Invité de l'émission Des Mots de minuit, le dramaturge Michel Vinaver revient sur sa manière d'écrire, avant d'évoquer sa pièce 11 septembre 2001.

Type de média :
Date de diffusion :
14 juin 2006
Source :

Contexte historique

Né en 1927 à Paris, Michel Vinaver émigre avec sa famille aux Etats-Unis en 1941 et s'engage dans l'armée française de libération en 1944. Encouragé par Camus qu'il a rencontré à New York, il publie deux romans une fois revenu en France, Lataume, en 1950 et L'Objecteur en 1951. En 1956, sa première pièce, Aujourd'hui ou les Coréens est mise en scène par Roger Planchon. De 1953 à 1980, il travaille chez Gillette, comme cadre supérieur, puis comme président directeur-général. Cette expérience professionnelle nourrit son écriture. Il publie par la suite une quinzaine de pièces, parmi lesquelles Les Huissiers (1957), Iphigénie Hôtel (1959), La demande d'emploi (1971), Dissident il va sans dire (1976)... Professeur reconnu d'Etudes théâtrales à l'université, il développe, dans son ouvrage Ecritures dramatiques, une méthode d'analyse dramaturgique qui interroge le mode de fonctionnement de l'oeuvre à partir d'un échantillon du texte. Il est aujourd'hui un des auteurs français contemporains les plus joués.

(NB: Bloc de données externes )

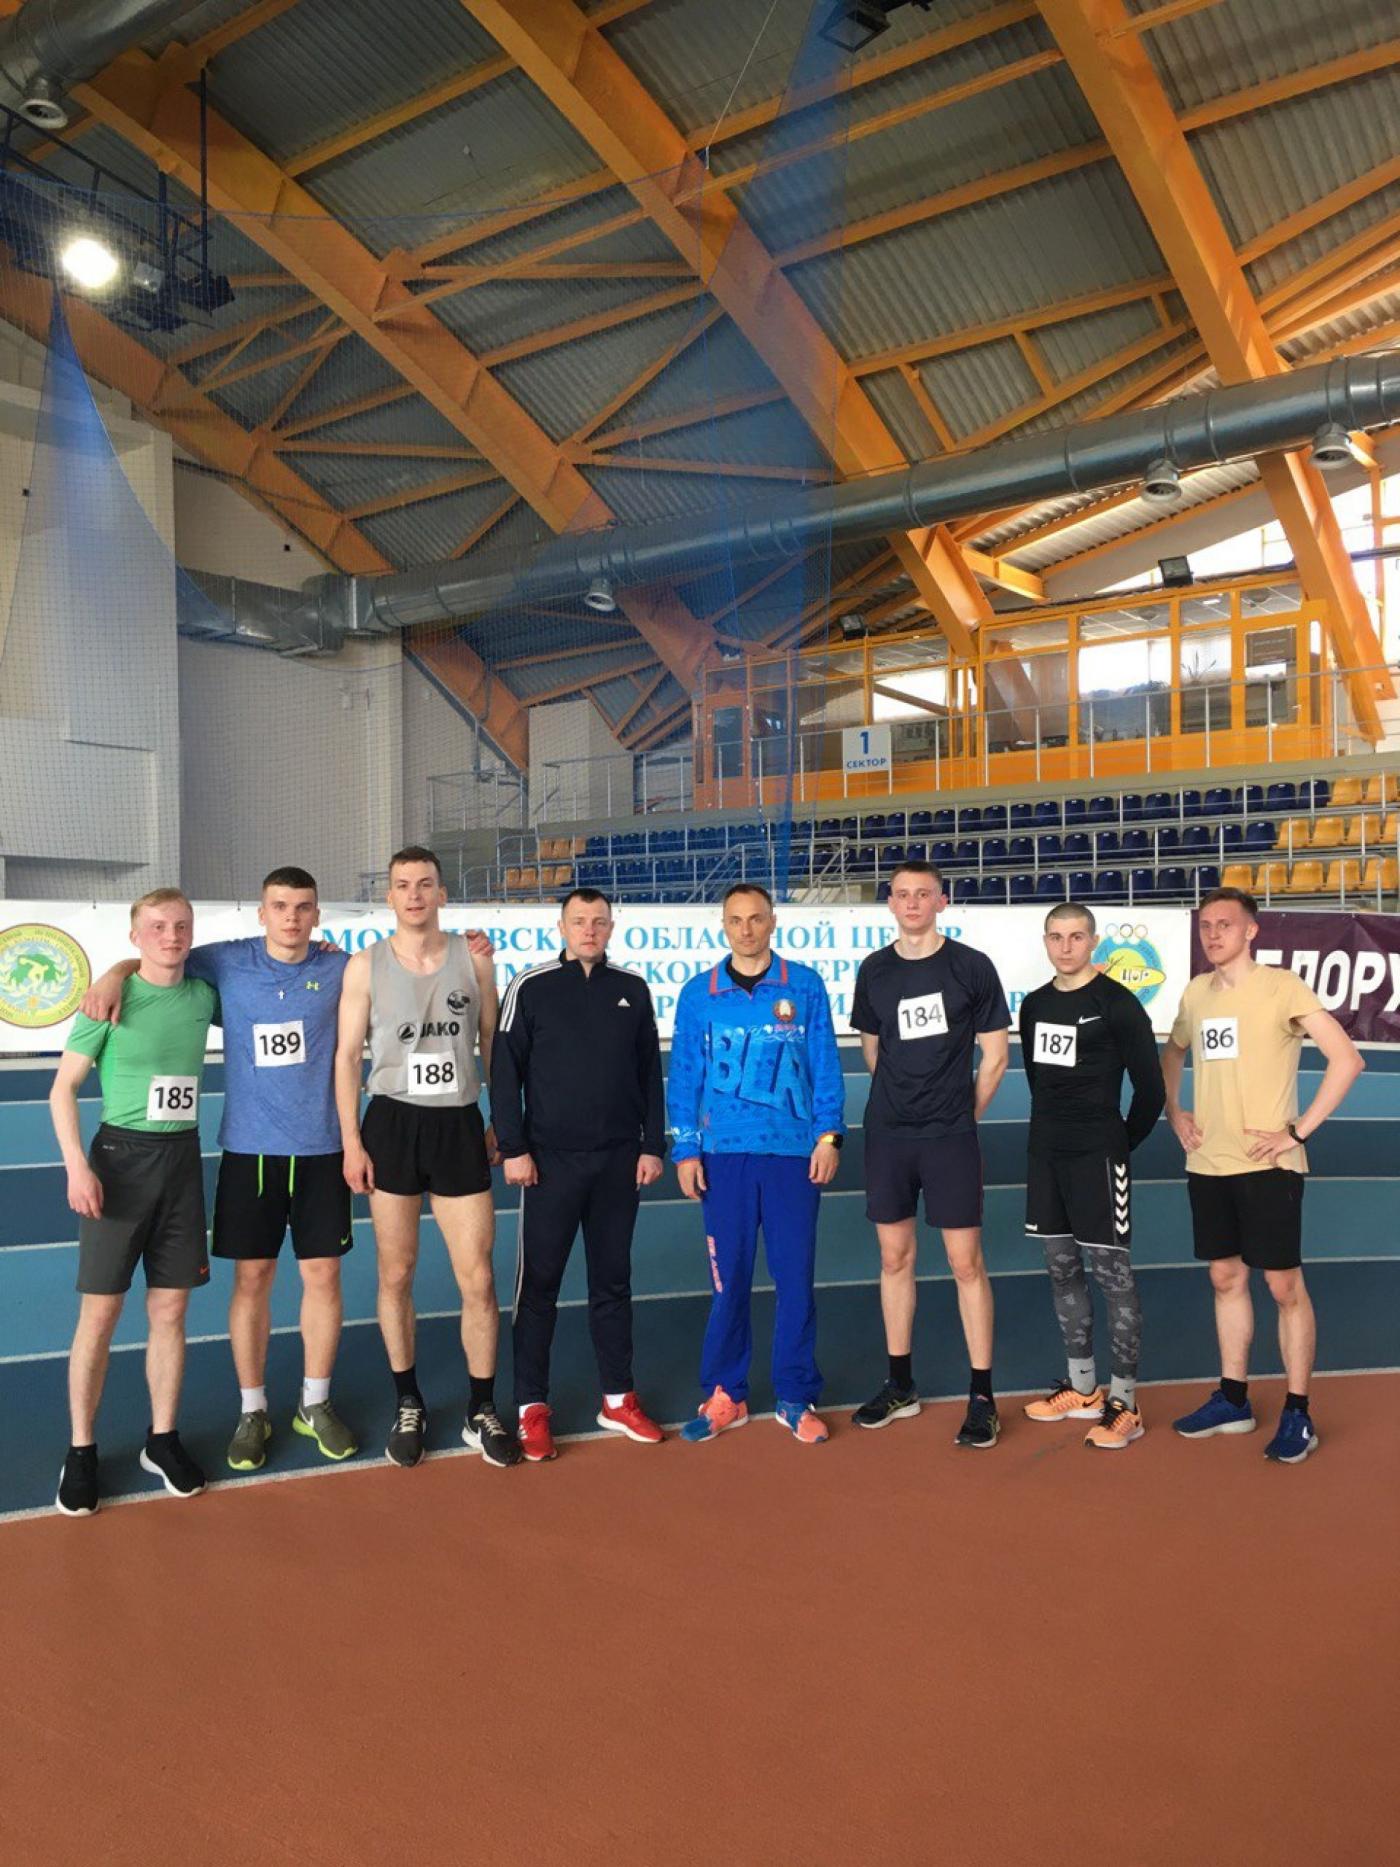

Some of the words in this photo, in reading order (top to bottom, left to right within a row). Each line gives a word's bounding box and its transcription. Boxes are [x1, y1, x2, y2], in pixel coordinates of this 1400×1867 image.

[860, 731, 869, 755] 1
[846, 757, 887, 769] СЕКТОР
[901, 1003, 943, 1029] 184
[420, 1021, 460, 1038] JAKO
[259, 1031, 302, 1056] 189
[1040, 1032, 1074, 1056] 187
[412, 1061, 455, 1085] 188
[154, 1086, 194, 1110] 185

C'est dans les semaines qui suivirent les attentats du 11 septembre 2001 que Michel Vinaver, choqué par la catastrophe, écrit sa pièce 9/11. Conçue au départ comme un oratorio, elle est rédigée en anglais, la langue de l'événement, avant d'être traduite en français par l'auteur, et éditée par l'Arche en 2002. Après avoir collecté des coupures de presse, des paroles de rescapés et d'hommes politiques, le dramaturge compose son oeuvre sur le principe du collage pour lutter contre la fragilité de la mémoire. En 2005, alors que Michel Vinaver et Robert Cantarella sont à Los Angeles à l'occasion de la création de 9/11 avec les jeunes acteurs du CalArts, ils apprennent que l'ambassade de France à Washington retire son soutien au projet : elle craint que certains passages du texte nuisent aux bonnes relations franco-américaines.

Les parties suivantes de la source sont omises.